• What is required: Every record below must be returned word for word, with the pictures left out.

..............................

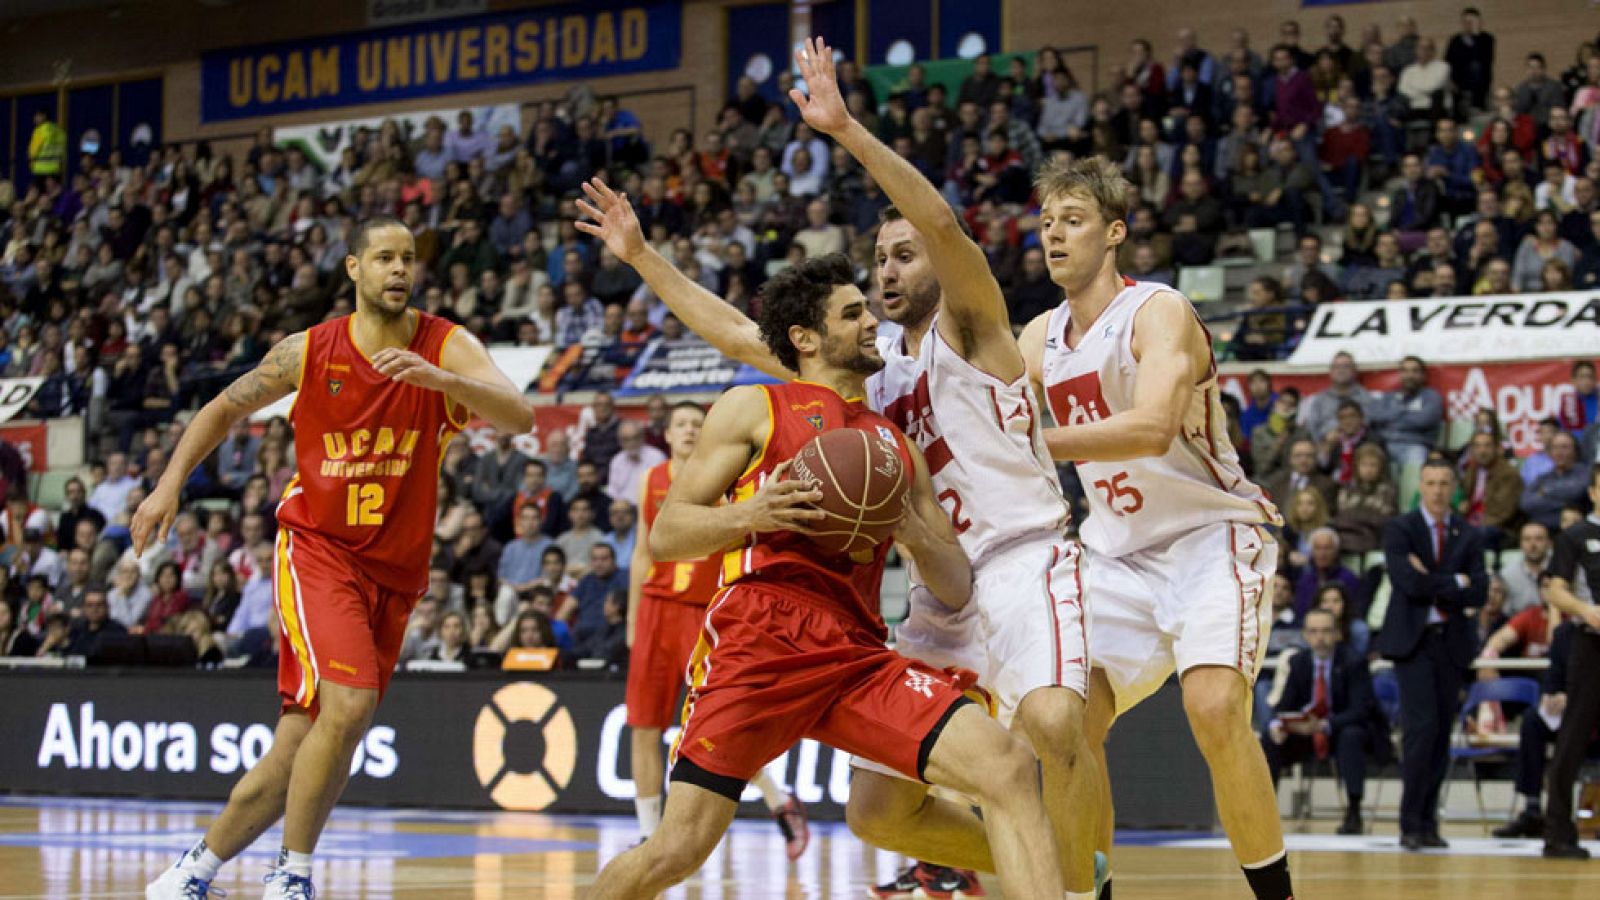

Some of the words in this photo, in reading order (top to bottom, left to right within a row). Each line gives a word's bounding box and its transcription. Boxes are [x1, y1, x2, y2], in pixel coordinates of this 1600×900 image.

[229, 45, 340, 107] UCAM
[357, 8, 648, 91] UNIVERSIDAD
[1315, 307, 1389, 339] LA
[346, 483, 385, 526] 12
[1093, 471, 1144, 516] 25
[37, 701, 198, 772] Ahora
[210, 721, 399, 778] sos
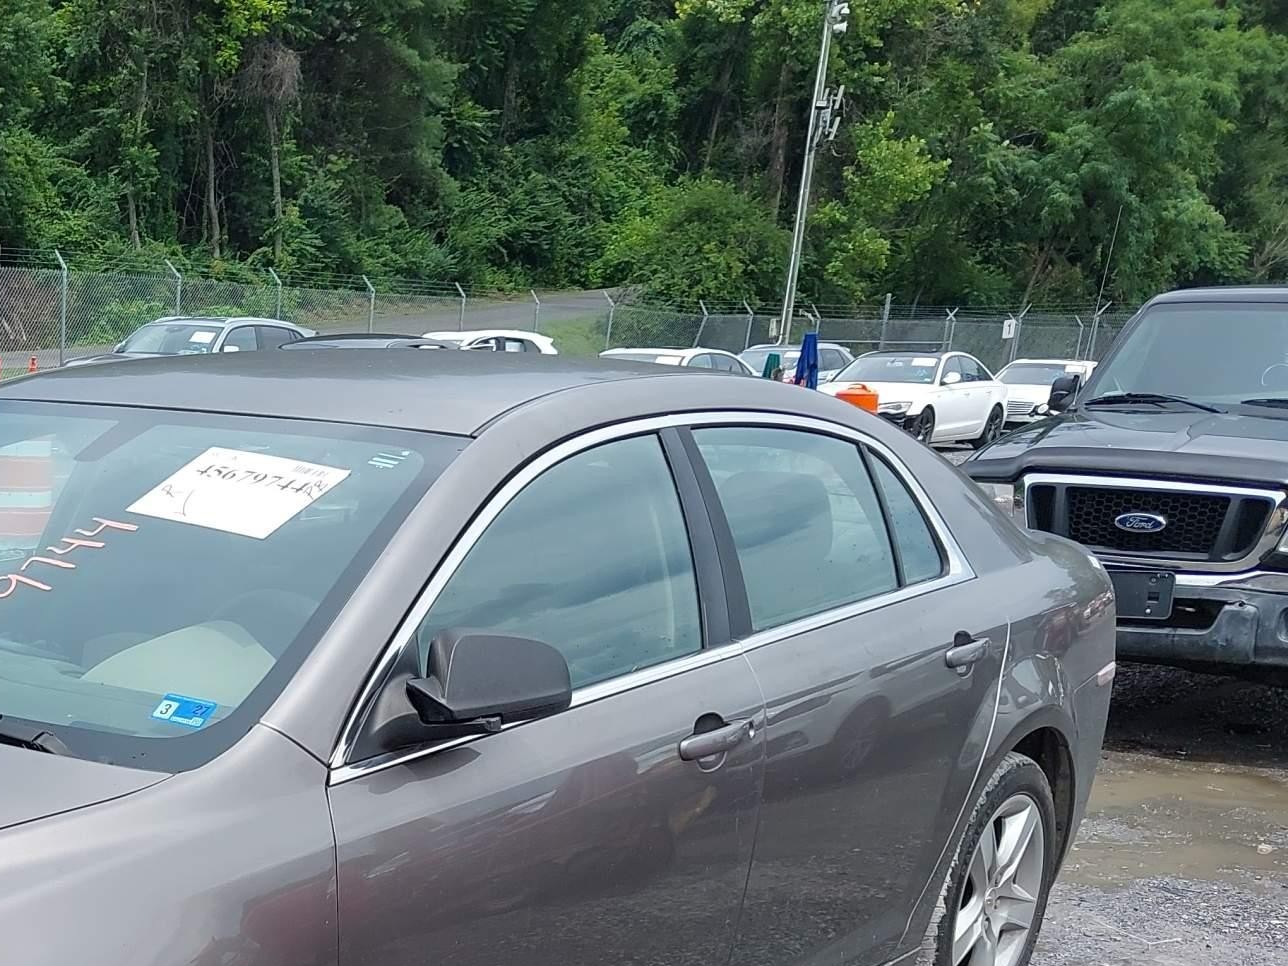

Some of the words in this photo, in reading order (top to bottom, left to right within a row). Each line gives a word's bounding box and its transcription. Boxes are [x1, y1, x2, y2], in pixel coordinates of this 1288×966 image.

[196, 464, 309, 493] 45679744
[1125, 516, 1155, 529] Ford
[160, 703, 172, 715] 3
[193, 704, 211, 716] 27

..............................

• Output for this exercise:
Some of the words in this photo, in reading order (top to bottom, left to right within a row). Each line gives a word's bounding box and its transcription. Boxes are [x1, y1, x2, y2], in pixel coordinates of this 1600×900 image.

[229, 45, 340, 107] UCAM
[357, 8, 648, 91] UNIVERSIDAD
[1315, 307, 1389, 339] LA
[346, 483, 385, 526] 12
[1093, 471, 1144, 516] 25
[37, 701, 198, 772] Ahora
[210, 721, 399, 778] sos

Some of the words in this photo, in reading order (top to bottom, left to right within a row). Each line gives a word's bounding box and its transcription. Boxes are [x1, y1, x2, y2], in pixel coordinates of this 1288×966 image.

[196, 464, 309, 493] 45679744
[1125, 516, 1155, 529] Ford
[160, 703, 172, 715] 3
[193, 704, 211, 716] 27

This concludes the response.